There are two ways to give chiplets the dense, short connections they need. One is a full silicon interposer spanning the whole package - expensive and capacity-constrained. The other is a small bridge die buried in the substrate just where two chiplets meet. Intel's 2022 grant claims a composite version of the latter.
The grant US11521932B2 (issued December 6, 2022; Intel Corporation; CPC H01L 23/5384 interconnect structure, H01L 25/0652 stacked/side-by-side dies, H01L 24/16 flip-chip bumps) claims composite-bridge die-to-die interconnects. This is the IP family behind Intel's EMIB (embedded multi-die interconnect bridge) approach.
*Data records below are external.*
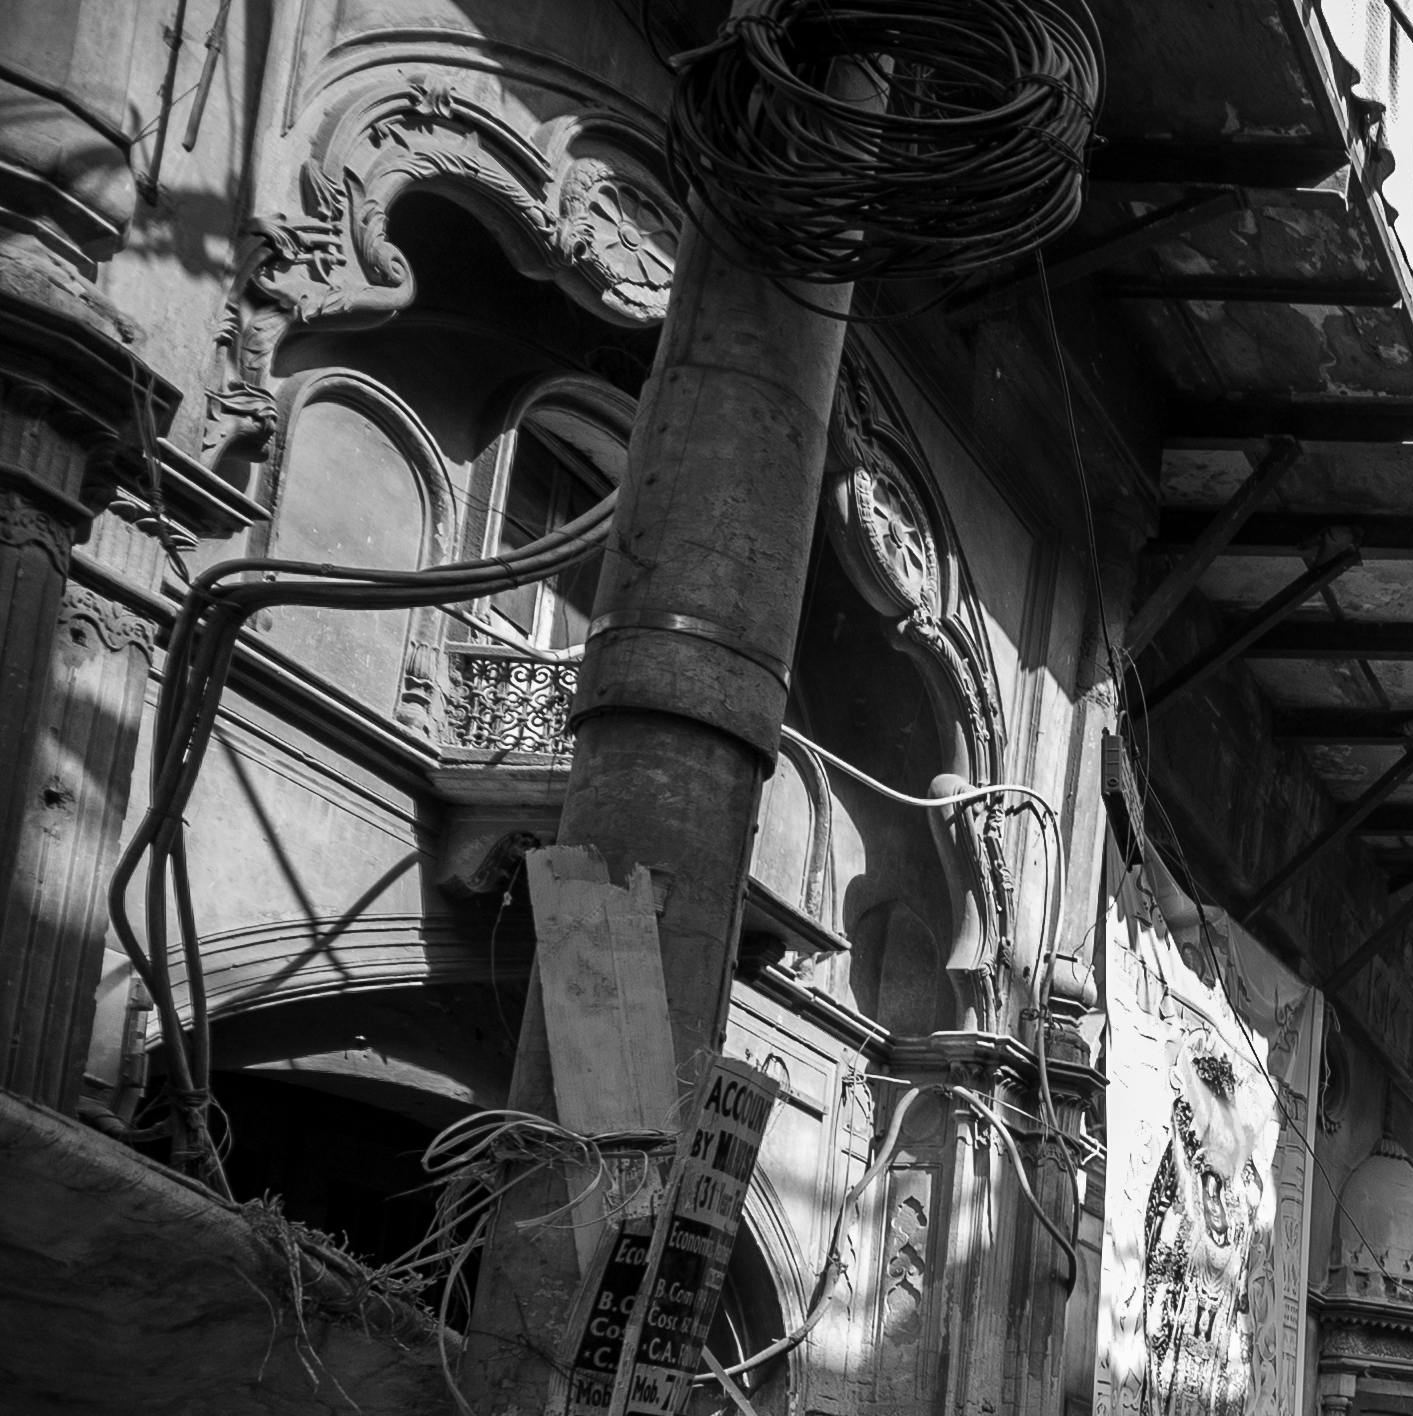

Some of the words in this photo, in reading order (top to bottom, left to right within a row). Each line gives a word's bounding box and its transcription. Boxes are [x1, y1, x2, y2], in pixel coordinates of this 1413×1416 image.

[690, 1128, 714, 1161] BY
[590, 1317, 626, 1340] Co
[632, 1375, 660, 1403] Mob.
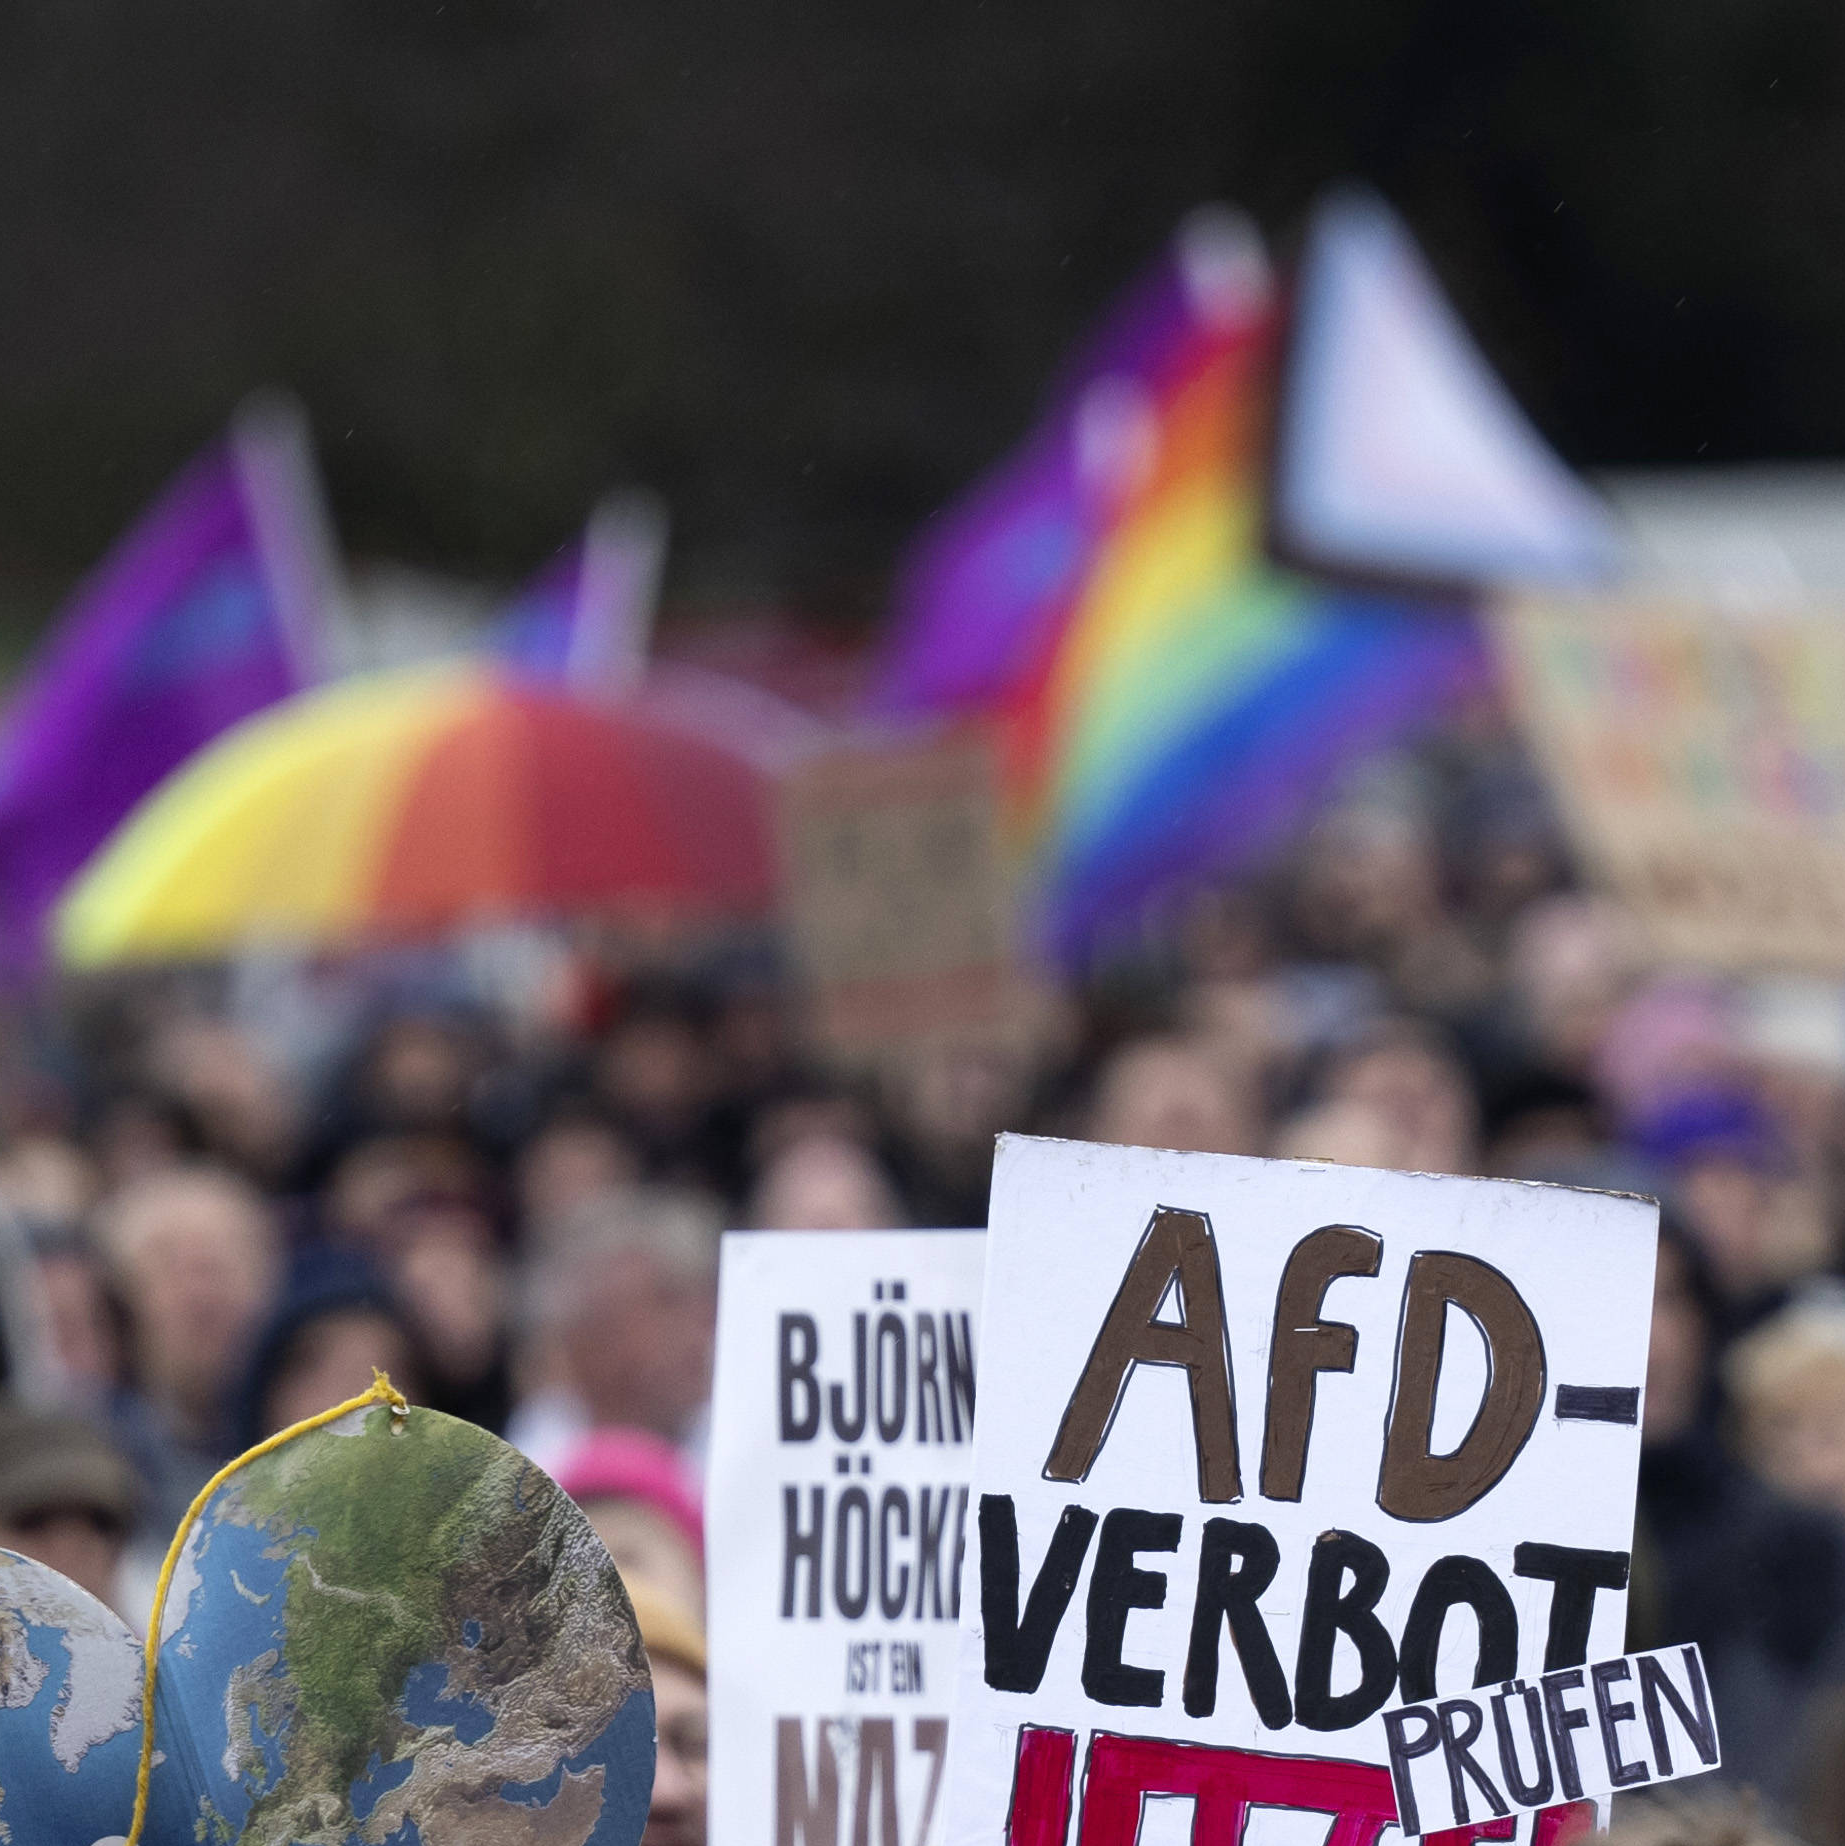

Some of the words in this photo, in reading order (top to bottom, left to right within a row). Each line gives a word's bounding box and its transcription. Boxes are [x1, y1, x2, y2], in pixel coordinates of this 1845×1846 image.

[778, 1280, 975, 1446] BJÖRN
[1041, 1204, 1640, 1524] AfD-
[846, 1641, 881, 1693] IST
[889, 1641, 925, 1694] EIN
[978, 1493, 1629, 1732] VERBOT
[1383, 1645, 1717, 1833] PRÜFEN
The economic argument is straightforward. A silicon interposer must be as large as the dies it spans, and large silicon is costly and yield-limited. A bridge only has to be as big as the connection region between two chiplets - a tiny fraction of the area - so you get interposer-class wiring density only where you need it.
"Composite" is the operative word in the claim. It points to a bridge built from more than one material or layer system, engineered to handle the bumps, dielectric, and routing of a high-density die-to-die link. The competitive scope lives in exactly how that composite stack is constructed.
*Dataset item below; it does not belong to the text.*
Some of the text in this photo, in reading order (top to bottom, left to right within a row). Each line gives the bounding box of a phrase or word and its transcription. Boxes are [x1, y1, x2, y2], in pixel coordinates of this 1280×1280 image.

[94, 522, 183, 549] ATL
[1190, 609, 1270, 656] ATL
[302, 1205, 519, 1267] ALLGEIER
This is the architectural counterpoint to TSMC's interposer-centric (CoWoS) packaging: same goal - feed chiplets dense connections - different structure. Reading both, you see the advanced-packaging field splitting into the interposer camp and the embedded-bridge camp, each with its own patent thicket.
For the packaging reader, the takeaway is that 'advanced packaging' is not one technique. Intel's 2022 composite-bridge grant is a bet that you can get most of the interposer's benefit at a fraction of the area cost - a bet that shapes how AI accelerators get assembled when interposer capacity is the bottleneck.